El besito
José Antonio Millán
Hay que decirlo cuanto antes, y muy claro: no se puede tener niños. Ya sé que los tiempos no van por ahí; vivimos un nuevo baby boom, proliferan las tiendas de ropitas infantiles, y ya ni siquiera los varones se avergüenzan de arrullar a sus pequeños en público. Sin embargo, es necesario advertirlo: las cosas no están para hijos.
No hablaré de las ecografías y monitorizaciones que le convierten a uno en padre de un feo feto allá donde en otros tiempos sólo había una tersa barriga. No mencionaré (aunque podría) el festival tecno-médico en que se ha convertido el parto. No: los problemas auténticos comienzan en el exterior.
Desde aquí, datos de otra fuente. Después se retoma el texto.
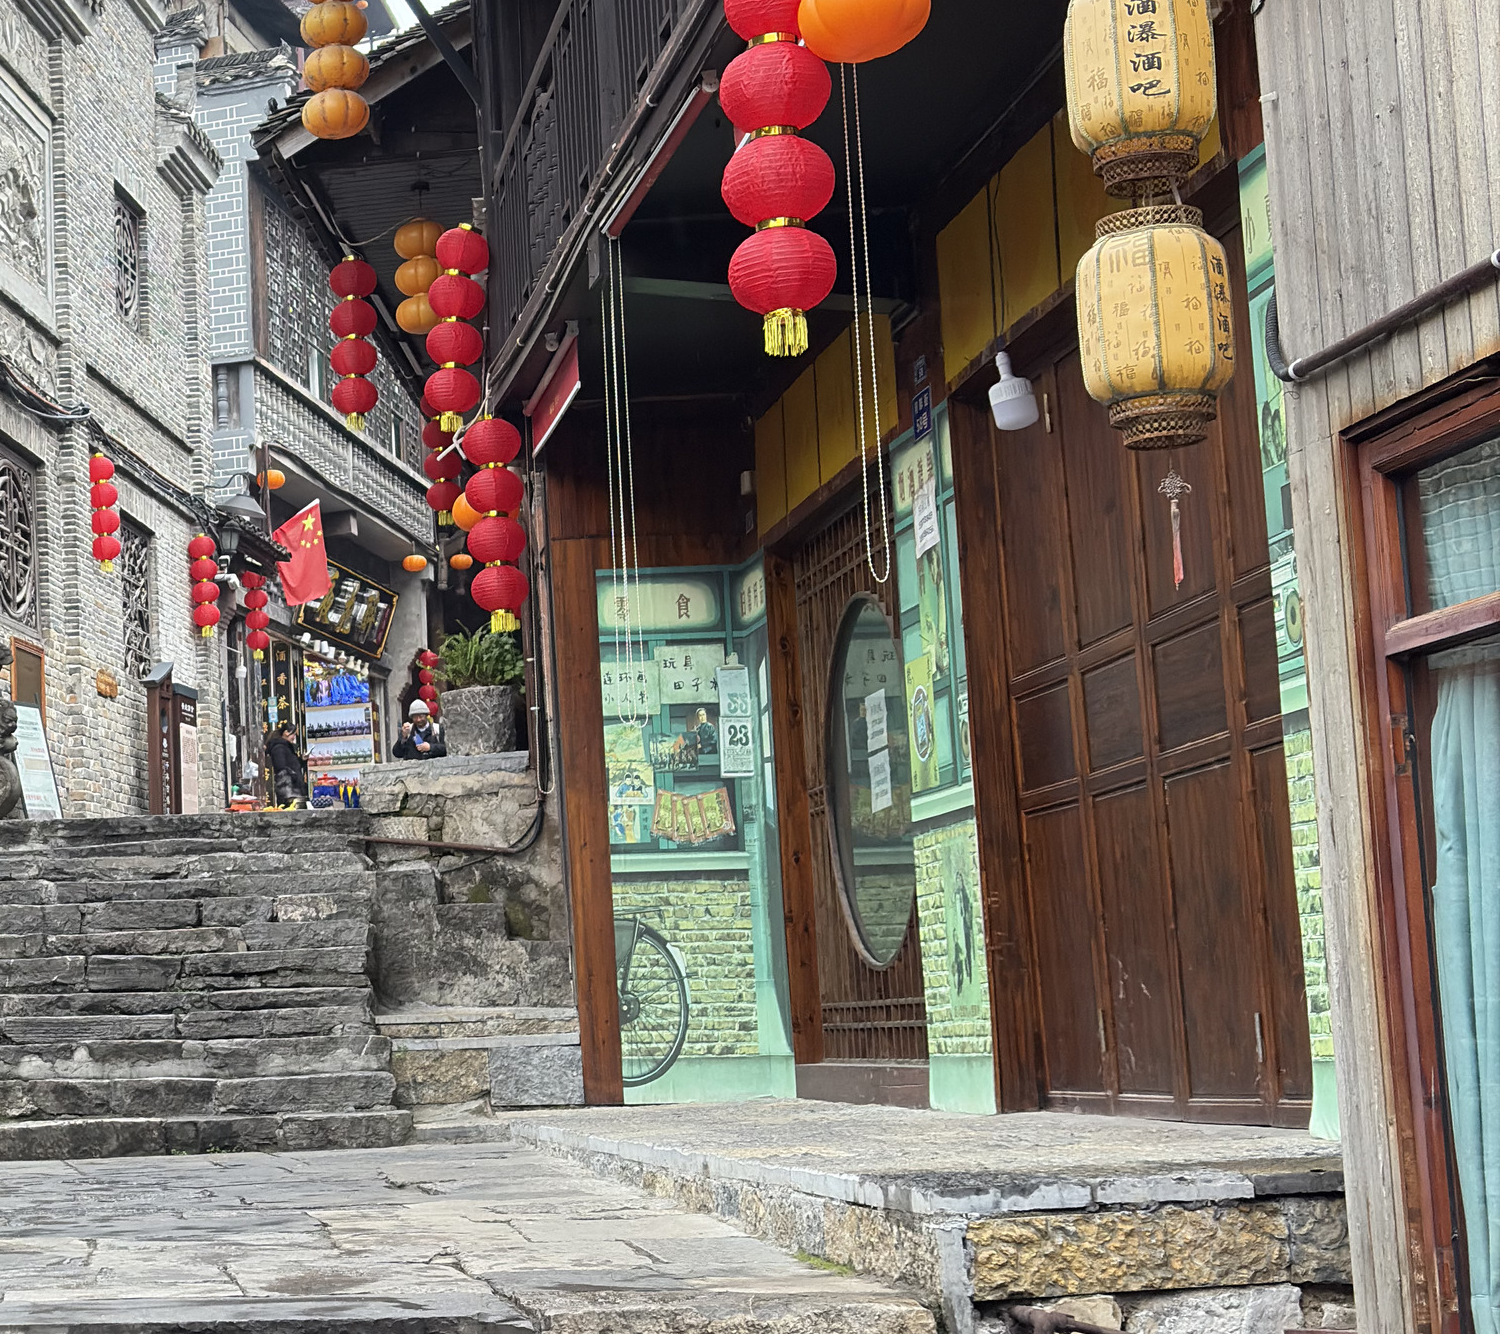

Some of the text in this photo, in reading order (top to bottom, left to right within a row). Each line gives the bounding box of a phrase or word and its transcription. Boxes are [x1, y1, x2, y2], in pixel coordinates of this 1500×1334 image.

[1109, 232, 1151, 274] 福
[614, 593, 691, 620] 零食
[663, 655, 695, 670] 玩具
[728, 724, 750, 747] 23
La parafernalia de objetos que hoy son imprescindibles para impedir la erosión del bebé (esquineras, tapa-grifos, cubre-enchufes, protege-dedos, puertecillas, alarmas), y favorecer su transporte (cuco, cochecito, mochila, silla para el automóvil) y sedimentación (cuna, trona, parque, adaptadores varios) convierten cualquier hogar moderno en un atestado almacén de utillaje estampado de patitos.
¿Y los gastos? ¿Y la demanda de atenciones? Un hijo consumirá vuestro patrimonio y os quitará todo el tiempo, premiándoos además con la mala conciencia de no estarle dando todo lo que podéis. La especialista inglesa Penelope Leach acaba de declarar que quien no quiera dedicarle a su hijo toda la atención que necesita (y eso quiere decir el cien por cien del tiempo disponible, y aun del que no se dispone), que no lo tenga.
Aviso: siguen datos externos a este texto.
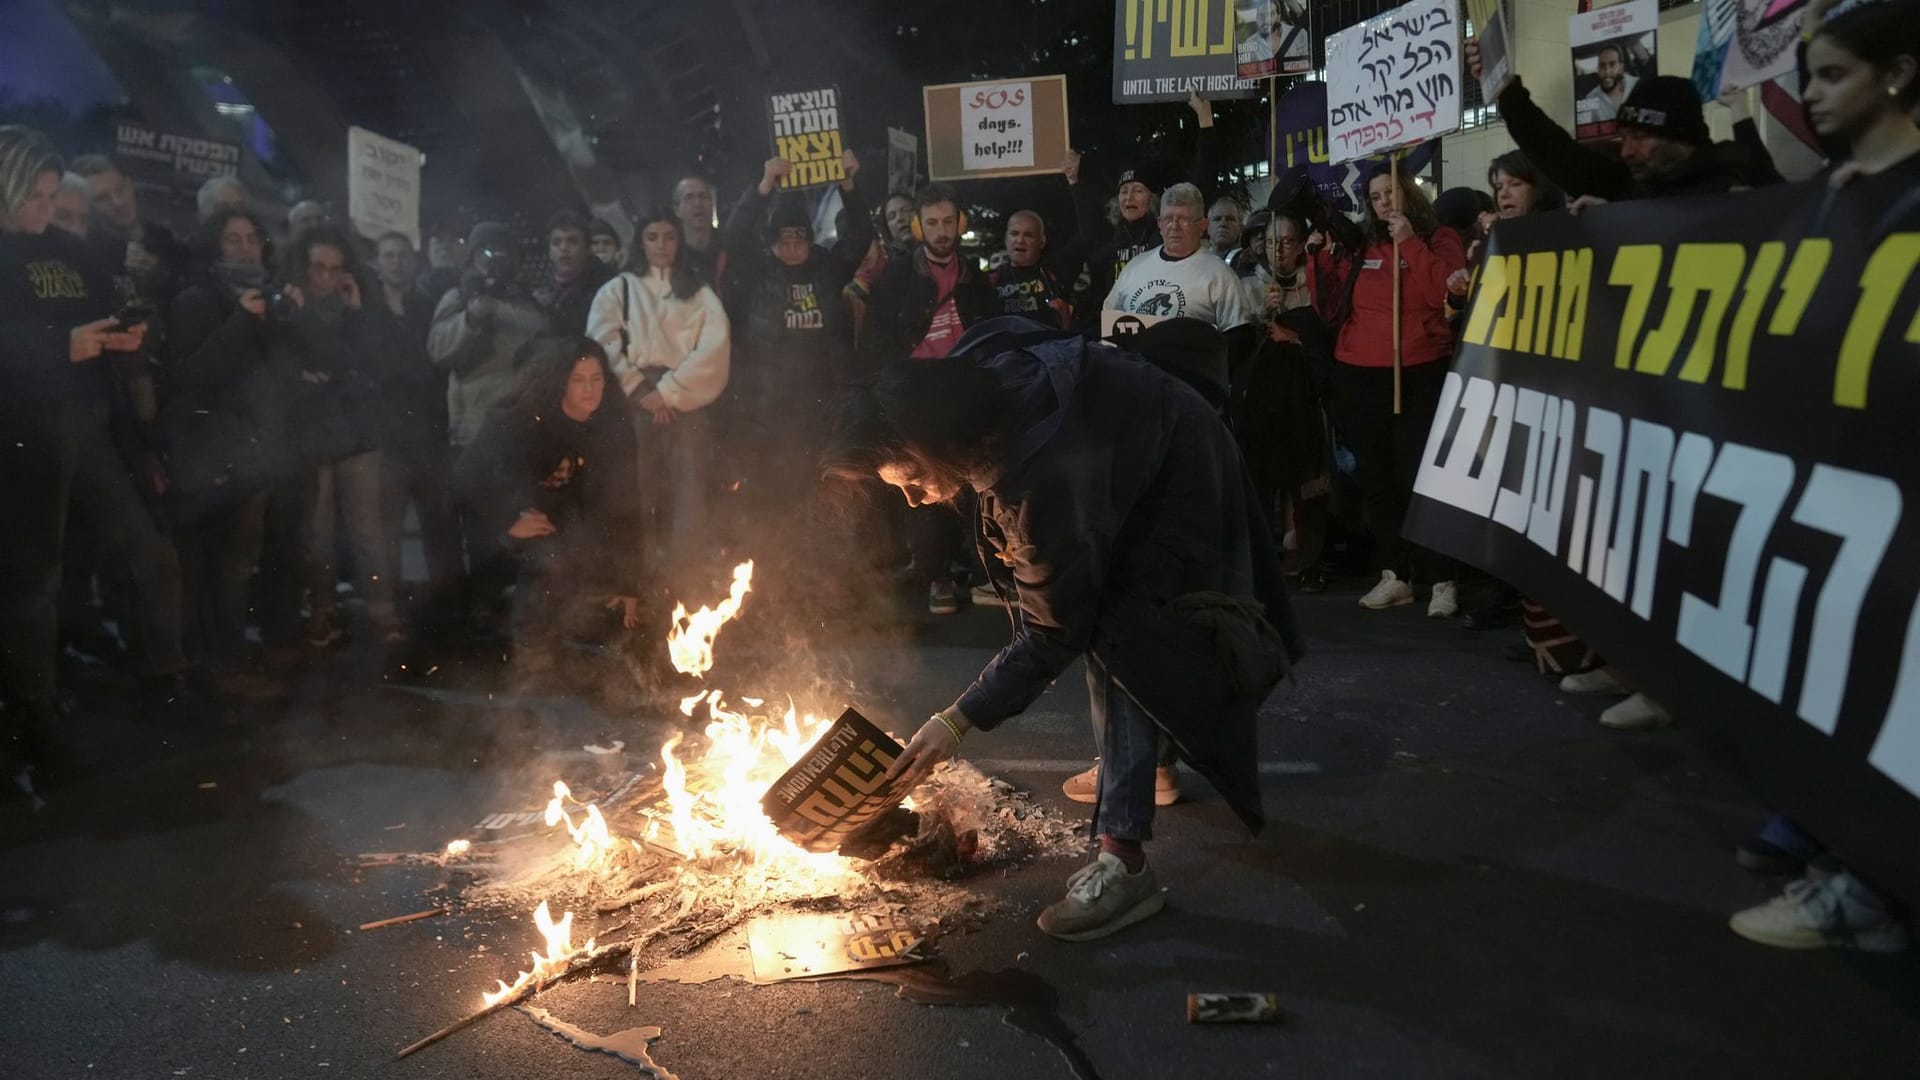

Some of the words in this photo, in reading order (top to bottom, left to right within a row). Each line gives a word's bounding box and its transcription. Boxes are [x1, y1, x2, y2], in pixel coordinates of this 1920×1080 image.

[1357, 8, 1451, 63] בישראל
[1362, 54, 1395, 92] יקר
[1399, 40, 1451, 80] הכל
[968, 88, 1025, 110] SOS
[1123, 78, 1153, 95] UNTIL
[1155, 77, 1177, 93] THE
[1178, 76, 1205, 92] LAST
[1416, 73, 1453, 109] חוץ
[771, 89, 836, 113] תוציאו
[1331, 98, 1372, 126] אדם
[1373, 88, 1414, 115] מחיי
[773, 108, 840, 137] מעזה
[978, 117, 1021, 133] days.
[1336, 114, 1403, 152] להפקיר
[1410, 110, 1436, 130] די
[117, 125, 155, 147] אש
[776, 131, 843, 162] וצאו
[975, 140, 1023, 159] help!!!
[1463, 247, 1593, 362] מתמ
[1607, 237, 1833, 391] יותר
[1566, 406, 1903, 736] הביתה
[833, 722, 858, 746] ALL
[804, 746, 840, 779] THEM
[776, 770, 807, 804] HOME
Todo esto --hay que recalcarlo-- en un medio social en el que un niño puede hacer gracia cinco minutos, pero que no te perdonará que interrumpas por un año tu carrera. En una situación en que los abuelos ya no quieren encargarse de los nietos, en que ya no hay servicio doméstico y en la que se llama guardería a cualquier agujero en que se agolpan tres decenas de mocosos a precio de oro.
Los padres dispuestos a hacer algo en la vida distinto de cuidar a su prole deberán invertir mucho dinero (tanto si lo tienen como si no), para conseguir una cobertura amateur, parcial y de poca confianza. Meterán en una casa diminuta a un extraña de cualquier procedencia, a la que terminarán haciendo la comida mientras ella lee una revista mientras el infante duerme, porque así son las cosas. Y encima respirarán aliviados por tenerla.
El antropólogo barcelonés Jesús Contreras ha estudiado las motivaciones que esgrime la gente para tener hijos: "Son tan monos", declaran, "Te dan besitos..." Pues bien: si uno suma los costos de pediatra, pañales, zapatitos, guarderías, colegios, etc. de la infancia y lo divide entre el número de besitos que recibirá en idéntico periodo, la cifra resultante es aterradora. No hay beso de meretriz de cinco estrellas que supere el coste del tierno ósculo de un niño. Esto, de nuevo, hay que saberlo.
Estas amargas reflexiones no quitarán las ganas de procrear a los decididamente natalistas, pero tal vez hagan reflexionar a los más discretos: hablad, hablad con padres recientes, acompañadles en una de sus agotadoras jornadas, y si al final aún sentís deseos de perpetuar vuestro apellido, de transmitir a alguien un par de opiniones preciosas, de proyectar la curva de vuestra nariz hacia el futuro, ¡pues a ello!, y que Dios os perdone -- quiero decir, bendiga.